Le but de l’Artificial Life est un but de transformation totale de l’humanité. Son telos est de créer un être supérieur, une autre forme de vie. C’est là l’horizon limite de l’utopie de très "Grande Santé". Œuvre alchimique, bien au-delà de la "petite" intelligence artificielle. Grand rêve démiurgique que celui qui consiste à engendrer ses successeurs. Au prochain siècle (nous y sommes pratiquement) ce sera chose faite [2]. Ces êtres auront un jour une conscience, une volonté, une âme [3]. Un auteur, pourtant sceptique, ne dit-il pas qu’au moins les robots semblent s’organiser eux-mêmes, à l’aveugle, et selon un mode de sélection naturelle [4] ? A tel point qu’une des principales préoccupations de Langton est de créer une éthique adaptée à ces êtres-là. "Il y a d’autres vies que les nôtres qui ont droit à l’existence. D’ici 10 ans nous construirons les machines auto-organisées. Aura-t-on le droit de les mettre à mort à notre gré ? Quelle serait notre légitimité à le faire ? Mais si elles commettent des crimes ou des fautes, quelle punition infliger ? La mort, la mutilation, la prison ?" Et devant notre scepticisme il nous répète : "Mais c’est pour dans 10 ans. Il faut s’y préparer." [5]
Nous voilà loin des rafistolages artisanaux et mesquins de la thérapie génique : il s’agit ici d’êtres électroniques, immortels et parfaits. L’entreprise de purification générale est totalement accomplie. Purification du corps individuel (projet génome) dans une planète purifiée (Biosphère II) : le tout surplombé par les êtres électroniques, produits des Dieux que nous sommes devenus, et petits dieux eux-mêmes. Le devoir de bonheur, devoir de purification globale s’accomplit enfin dans "La Santé Parfaite".
Le traitement conceptuel
Sans doute existe-t-il ici des éléments idéologiques qui ne sont pas négligeables : je songe ici à cette idée étrange de la recherche dans des laboratoires américains très sérieux, du gène des repris de justice, des violents ou des "homeless" (les sans-abris) car cette société américaine auto-gratificatrice ne peut supposer un seul instant que devenir un sans-abri ne puisse avoir d’autres raisons que génétiques. Mais la santé parfaite est surtout une utopie car sa force spécifique réside dans son caractère utopique, dans la prégnance de son utopie, sans compter bien sûr la science-fiction qu’on va présenter maintenant.

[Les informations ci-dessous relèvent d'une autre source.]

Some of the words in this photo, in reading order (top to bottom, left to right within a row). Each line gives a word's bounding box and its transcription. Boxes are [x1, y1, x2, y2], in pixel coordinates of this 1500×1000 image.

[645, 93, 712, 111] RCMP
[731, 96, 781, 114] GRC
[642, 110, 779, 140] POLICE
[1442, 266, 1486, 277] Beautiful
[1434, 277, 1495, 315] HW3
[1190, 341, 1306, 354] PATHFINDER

La santé parfaite est utopique
On peut repérer un trajet qui part des utopies classiques aux projets utopiques actuels.
D’après la forme des récits utopiques que nous avons pu analyser, on peut dégager cinq marqueurs du texte utopique.
1) Le lieu isolé du récit : c’est un lieu clos, clôturé tant par ce qui est dit de ses frontières, montées en défense, que par le récit lui-même qui isole le fictif du réel. Cet espace n’est pas territorial, même si des précisions de type géographique sont données au cours de la narration. La tabula rasa est alors complète, nous voici de l’autre côté du monde. L’île rebaptisée, la langue réinventée.

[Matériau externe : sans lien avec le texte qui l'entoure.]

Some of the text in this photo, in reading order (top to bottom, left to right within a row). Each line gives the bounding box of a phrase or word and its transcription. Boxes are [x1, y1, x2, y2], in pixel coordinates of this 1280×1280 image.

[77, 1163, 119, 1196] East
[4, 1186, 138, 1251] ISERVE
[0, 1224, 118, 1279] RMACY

2) La toute puissance du narrateur : un voyageur, généralement honnête homme, découvre cette terra incognita, et, de retour dans son pays, raconte ce qu’il a vu. Évidemment le narrateur, ou récitant, est le double de l’écrivain, qui cependant se met en jeu face à lui, cette fois comme auditeur. Avec ce dispositif, le caractère fermé et autoritaire de l’utopie, déjà présent par la localisation îlienne, est renforcé puisque il n’y a en définitive qu’un seul maître du jeu : celui qui produit les règles. Disposition qui trouve son écho dans la hiérarchie des fonctions attribuées aux personnages de la fable : le Directeur, le Gouverneur, le Légiste. Il en est ici comme pour l’île, illustration de la structure même du récit, l’auteur, maître absolu de sa fiction, est présenté à l’intérieur de la narration par les instances de pouvoir.

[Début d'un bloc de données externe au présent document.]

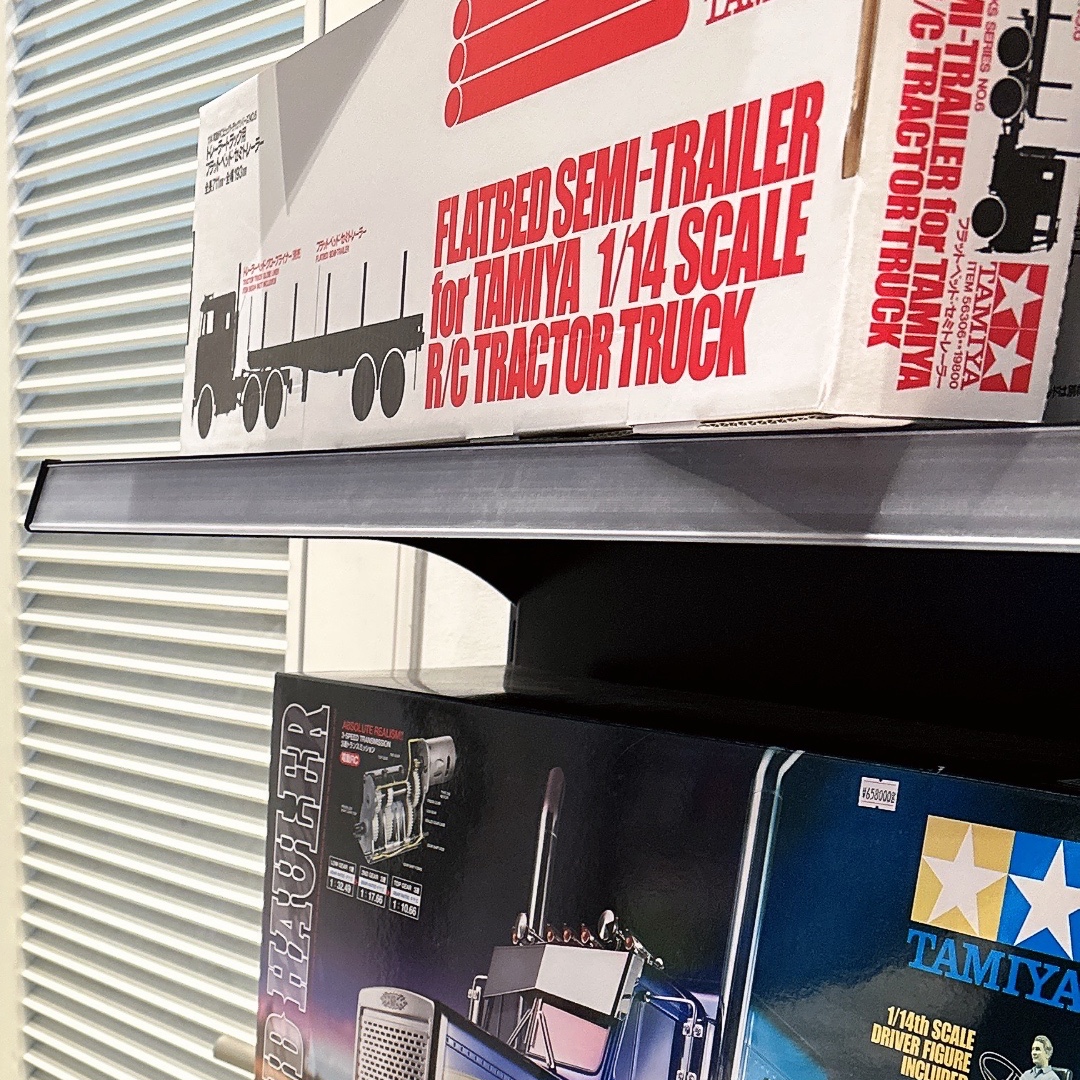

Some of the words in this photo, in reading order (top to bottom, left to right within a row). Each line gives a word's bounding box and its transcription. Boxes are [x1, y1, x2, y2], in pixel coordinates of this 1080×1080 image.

[974, 78, 989, 112] NO.6
[980, 21, 996, 73] SERIES
[434, 167, 551, 267] FLATBED
[553, 81, 824, 237] SEMI-TRAILER
[885, 47, 942, 221] TRACTOR
[430, 271, 470, 338] for
[474, 237, 581, 331] TAMIYA
[598, 215, 669, 308] 1/14
[674, 180, 814, 295] SCALE
[918, 197, 957, 253] for
[963, 261, 977, 293] ITEM
[425, 337, 470, 409] R/C
[474, 312, 613, 404] TRACTOR
[618, 287, 756, 388] TRUCK
[867, 226, 917, 348] TRUCK
[896, 259, 948, 391] TAMIYA
[960, 261, 998, 391] TAMIYA
[267, 703, 331, 1014] HAULER
[887, 1006, 930, 1037] 1/14th
[931, 1019, 976, 1051] SCALE
[906, 928, 1080, 1014] TAMIYA
[871, 1023, 921, 1057] DRIVER
[922, 1039, 972, 1073] FIGURE

3) Des règles de vie hygiénistes : dans cet univers clos, le travail, les loisirs, la santé, la justice sont réglés au quart de tour. Ces régies sont toujours là, imposées, étroitement surveillées. Toute infraction est sévèrement punie. Déjà, à l’entrée, un filtrage. Dans l’Abbaye de Thélème les habitants doivent être beaux, bien faits et aimer les plaisirs. Pour accéder à l’Icarie, de Cabet, le voyageur (encore un !), Lord W. Carisdall, subit trois mois d’épreuves dans une ville intermédiaire. Seuls les bons éléments peuvent entrer. À ce filtrage, correspond, à l’intérieur, une sorte d’eugénisme tantôt doux, tantôt violent. Le XIXe siècle est féru d’hygiène, de santé physique et morale, et donc de répressions. On voit même dans l’Icarie de Cabet l’interdiction du tabac, pour raison de santé... Les aliments sont votés, on décrète "l’inscription d’un nouveau légume sur la liste des aliments". La loi exige chasteté et pureté, et éloigne toute tentation d’adultère (puni de mort par exemple chez Burton, ou femmes flagellées sur la place publique chez Vairasse, dans Histoire des Sévarambes). La propreté des corps est aussi la propreté des âmes, aucune souillure ne doit compromettre l’ensemble.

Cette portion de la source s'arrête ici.